Marshfield is a census-designated place (CDP) in the town of Marshfield in Plymouth County, Massachusetts, United States. The population was 4,335 at the 2010 census.

==Geography==
Marshfield is located at (42.094577, -70.709485).

According to the United States Census Bureau, the CDP has a total area of 13.4 km2, of which 13.2 km2 is land and 0.2 km2 (1.55%) is water.

==Demographics==

As of the census of 2000, there were 4,246 people, 1,686 households, and 1,129 families residing in the CDP. The population density was 322.1 /km2. There were 1,742 housing units at an average density of 132.1 /km2. The racial makeup of the CDP was 97.83% White, 0.52% Black or African American, 0.14% Native American, 0.45% Asian, 0.02% Pacific Islander, 0.21% from other races, and 0.82% from two or more races.
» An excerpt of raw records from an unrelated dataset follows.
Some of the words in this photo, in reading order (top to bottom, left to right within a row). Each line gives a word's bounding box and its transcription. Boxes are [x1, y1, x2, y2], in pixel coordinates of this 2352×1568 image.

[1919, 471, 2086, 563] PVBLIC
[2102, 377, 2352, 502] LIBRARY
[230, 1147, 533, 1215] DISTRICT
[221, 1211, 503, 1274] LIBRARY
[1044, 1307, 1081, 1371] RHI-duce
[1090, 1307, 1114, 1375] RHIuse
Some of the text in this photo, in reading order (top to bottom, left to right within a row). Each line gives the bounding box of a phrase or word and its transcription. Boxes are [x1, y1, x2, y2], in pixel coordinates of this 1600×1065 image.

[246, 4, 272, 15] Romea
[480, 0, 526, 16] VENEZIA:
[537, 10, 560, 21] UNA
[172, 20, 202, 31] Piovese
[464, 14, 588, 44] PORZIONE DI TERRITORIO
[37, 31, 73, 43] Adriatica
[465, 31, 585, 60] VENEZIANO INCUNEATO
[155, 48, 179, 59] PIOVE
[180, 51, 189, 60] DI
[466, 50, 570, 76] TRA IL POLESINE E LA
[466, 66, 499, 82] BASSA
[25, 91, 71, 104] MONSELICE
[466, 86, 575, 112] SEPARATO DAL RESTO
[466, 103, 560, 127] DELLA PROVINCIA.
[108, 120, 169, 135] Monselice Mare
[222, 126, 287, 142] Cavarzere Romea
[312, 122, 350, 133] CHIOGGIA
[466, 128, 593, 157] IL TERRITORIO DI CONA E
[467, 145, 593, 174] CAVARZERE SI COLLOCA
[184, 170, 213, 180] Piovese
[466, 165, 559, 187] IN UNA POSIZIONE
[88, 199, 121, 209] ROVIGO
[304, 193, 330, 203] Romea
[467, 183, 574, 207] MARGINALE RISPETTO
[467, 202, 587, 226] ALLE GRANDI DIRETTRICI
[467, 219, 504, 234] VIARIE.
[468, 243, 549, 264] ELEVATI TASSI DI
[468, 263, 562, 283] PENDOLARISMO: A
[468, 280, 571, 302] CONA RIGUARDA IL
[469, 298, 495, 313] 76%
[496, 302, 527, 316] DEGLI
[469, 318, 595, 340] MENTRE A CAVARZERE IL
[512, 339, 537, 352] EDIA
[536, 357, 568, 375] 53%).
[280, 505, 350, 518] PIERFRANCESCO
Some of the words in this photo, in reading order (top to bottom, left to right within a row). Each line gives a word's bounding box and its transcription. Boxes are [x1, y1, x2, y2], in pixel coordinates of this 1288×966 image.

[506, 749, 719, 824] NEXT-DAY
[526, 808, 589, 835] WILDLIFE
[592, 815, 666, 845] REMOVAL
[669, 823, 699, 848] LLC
Hispanic or Latino of any race were 0.68% of the population.

There were 1,686 households, out of which 31.5% had children under the age of 18 living with them, 54.4% were married couples living together, 8.8% had a female householder with no husband present, and 33.0% were non-families. 28.8% of all households were made up of individuals, and 14.8% had someone living alone who was 65 years of age or older. The average household size was 2.52 and the average family size was 3.14.

In the CDP, the population was spread out, with 24.3% under the age of 18, 6.3% from 18 to 24, 29.9% from 25 to 44, 26.3% from 45 to 64, and 13.2% who were 65 years of age or older. The median age was 39 years. For every 100 females, there were 91.7 males. For every 100 females age 18 and over, there were 88.7 males.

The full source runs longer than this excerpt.